傷痕に寄せて
 刃に裂かれた皮膚の隙間から溢れ出た血液も、戦いが終わった今ではすっかり固まってしまっていた。赤く染まった砂に汚れた痛々しい傷痕を目の当たりにして、レオナルドは不機嫌そうに溜息を吐く。ぴりぴりとした空気を肌で感じたエディは、困ったように首を竦めたが、それで何が解決するというわけでもなく、結局は何にも成らずに終わってしまうのだった。
 水を含ませた布で跡を拭ってから、レオナルドは傷薬に手を伸ばす。それを絡めた細い指が、左腕の傷口に触れた瞬間、沁みたのだろうか、エディは反射で身体を強張らせた。
「痛っ……!」
「……自業自得。だから、いつも言ってるのに」
 容赦をする気は全く無いらしく、薬は遠慮無く塗り込められていく。小さな子供のように嫌がりながらその様子を横目で見ているエディを軽く睨んで、レオナルドは包帯を手に取った。先程とは反対に、出来るだけ傷痕を刺激しないように優しくそれを巻きつけながら、半ば愚痴のような説教は続く。

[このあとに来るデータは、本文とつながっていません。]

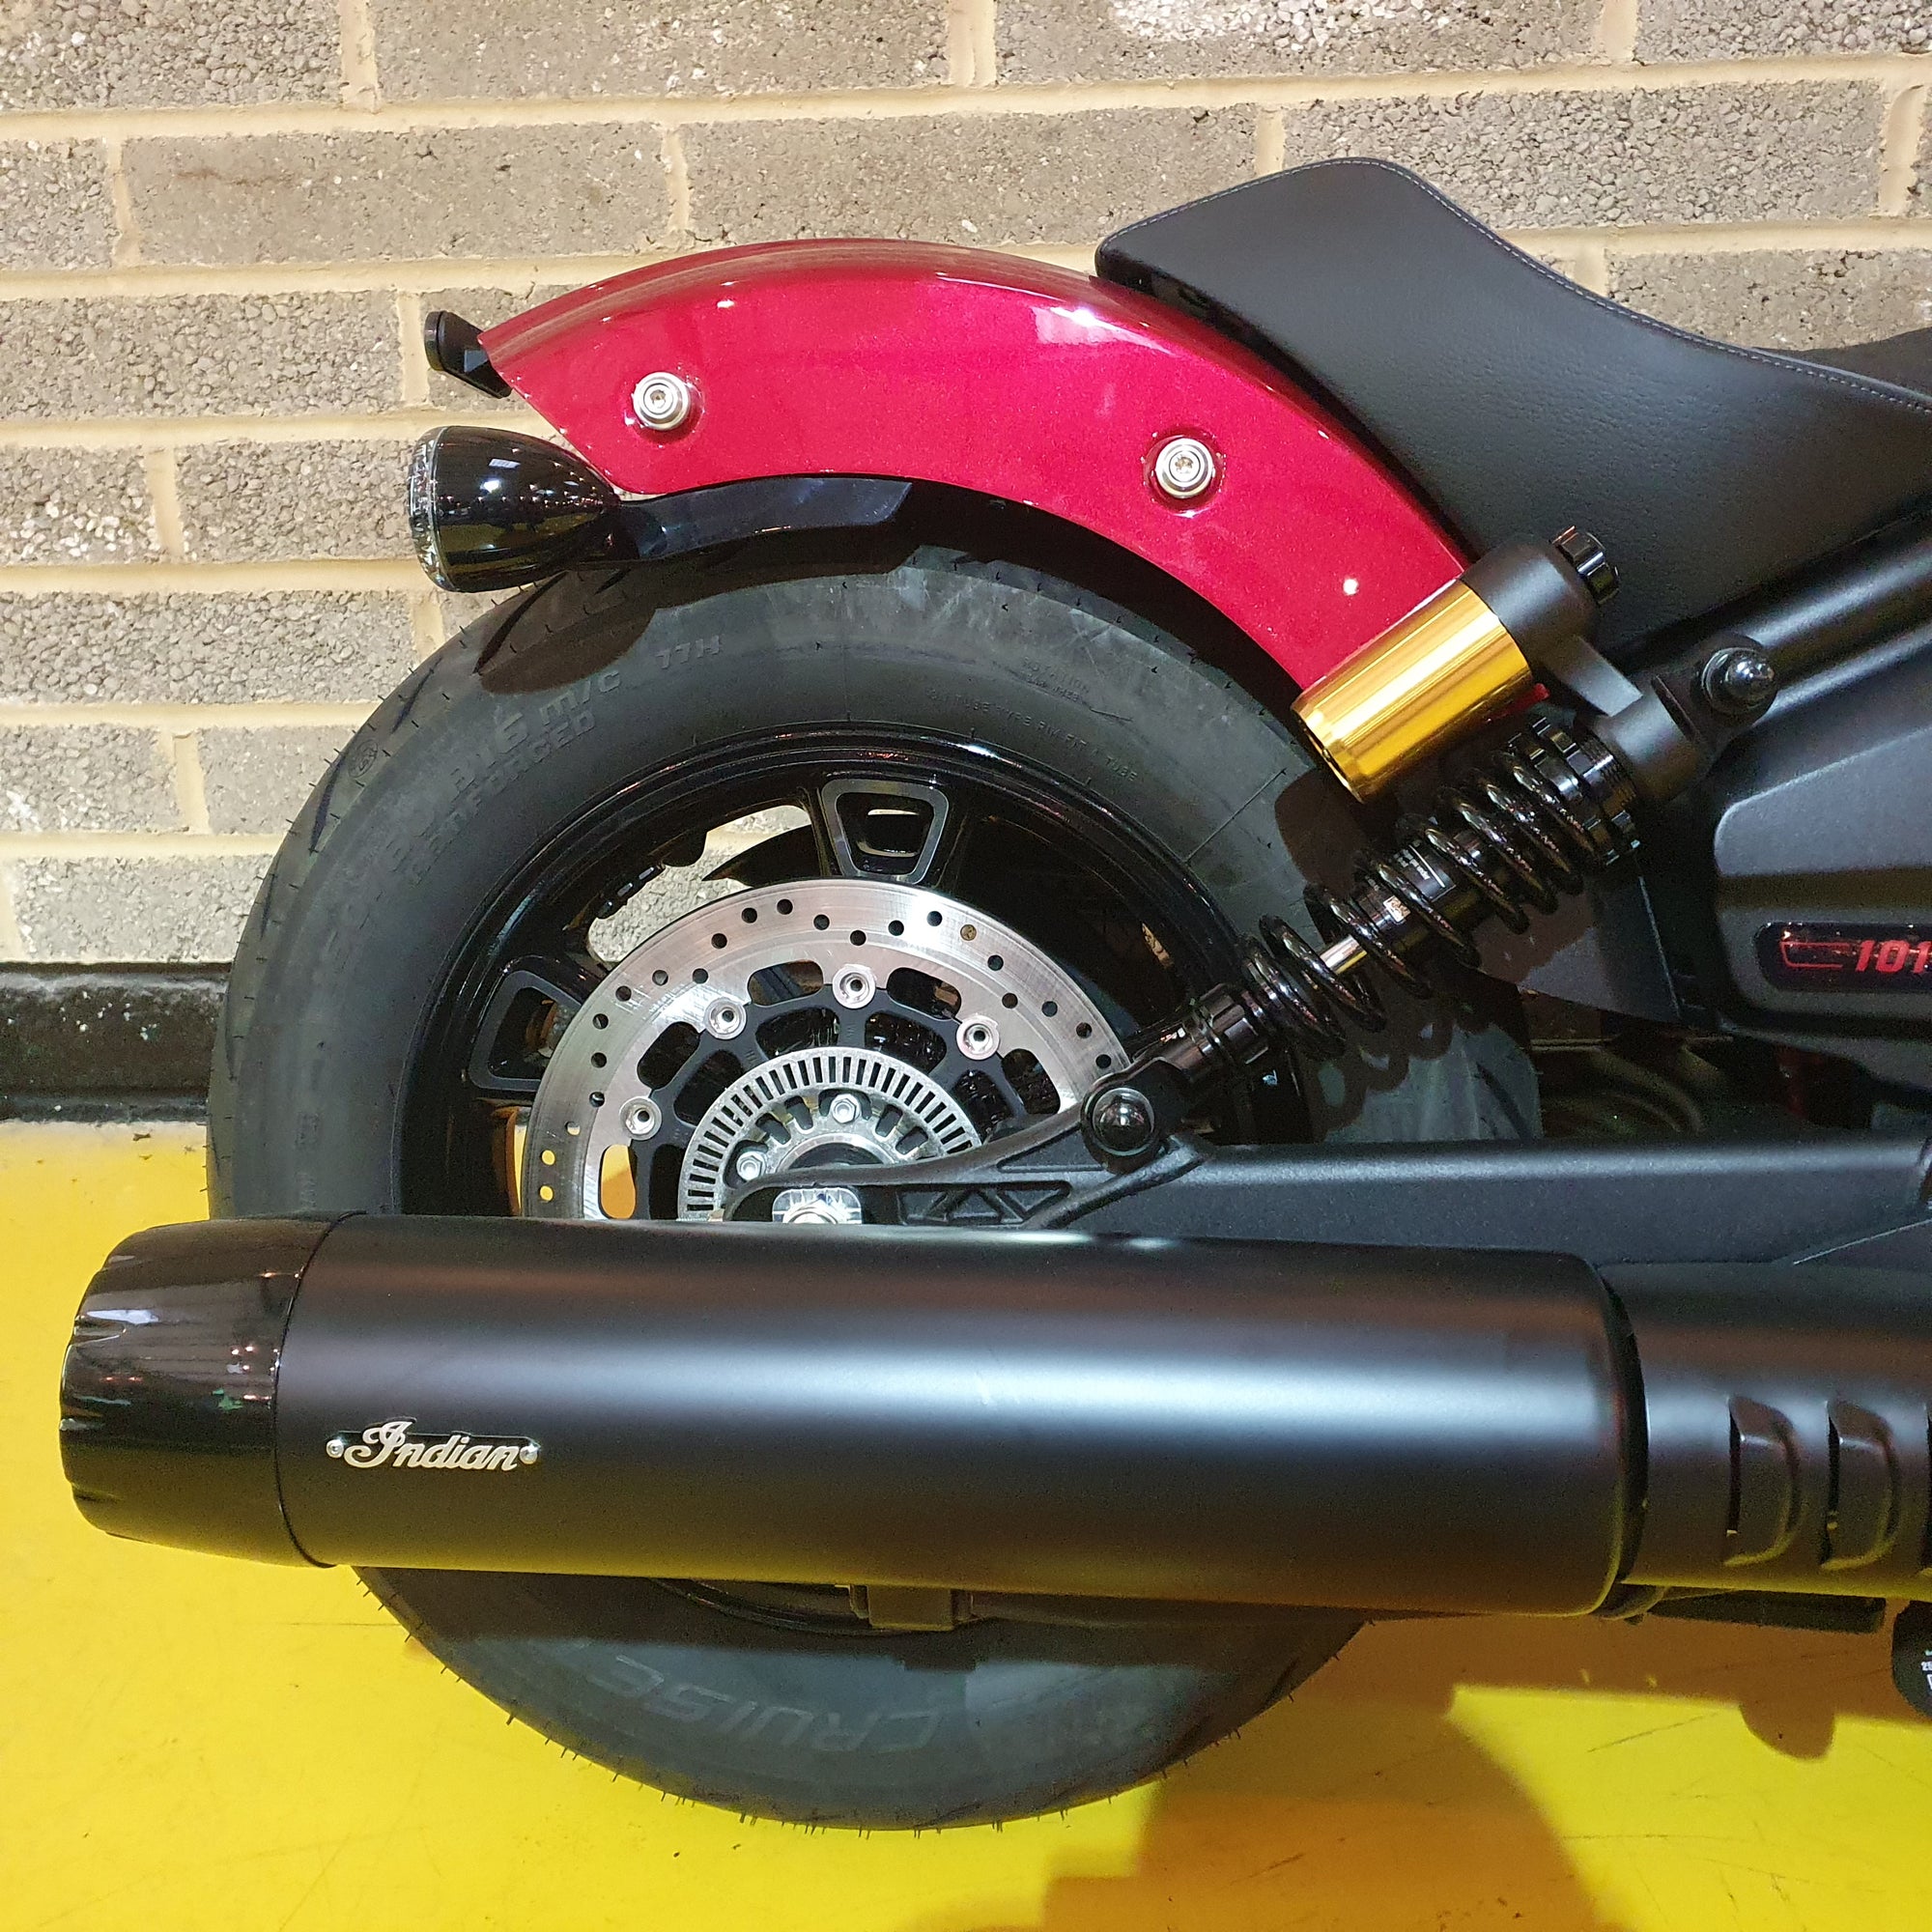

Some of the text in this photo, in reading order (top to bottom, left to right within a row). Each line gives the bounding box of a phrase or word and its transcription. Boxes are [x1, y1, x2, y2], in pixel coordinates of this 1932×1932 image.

「もっと気をつけて、って。ただでさえエディは、装備が薄いんだから」
「おれはいっぱい動くんだから、そっちの方がいいんだって」
「うん、わかってる。でも、だったら、あんな無茶はやめたほうがいい」
「でも、あの兵士、おまえを狙ってたんだぜ?
 あのままだと、レオが、このくらいじゃ済まなかったんだからさ」
「……それは、そうだけど……」
 大真面目な顔でそんなことを言われて、思わず反論に詰まってしまう。レオナルドに向かうはずだった槍は、それに気づいて突っ込んだエディの左腕を傷つけるだけに終わり、倒された。今日の出来事を示した言葉は、確かに真実だったから。
「おまえが大怪我するよりは、ずっとマシだ。だから、いいんだよ」
「……良くはないけど。……はい、終わり」
 包帯を切って縛り、処置が完了したことを告げると、レオナルドはふわりと微笑んだ。エディの無意識を魅了してやまない、そんな顔で。
「そう思ってくれて、ありがとう。……だけど、やっぱり、あんまり無茶はしないで」
「おう。おまえが言うなら、そうする。これ、ありがとな」
 手当ての跡に触れながら笑ったエディが、自らの言動を実現させることは、今までと同じくきっと無いのだろうが。やはり自分が気をつけるべきなのだろうと心のかたすみでひっそりと思いながらも、レオナルドは、約束、と言って立ち上がった。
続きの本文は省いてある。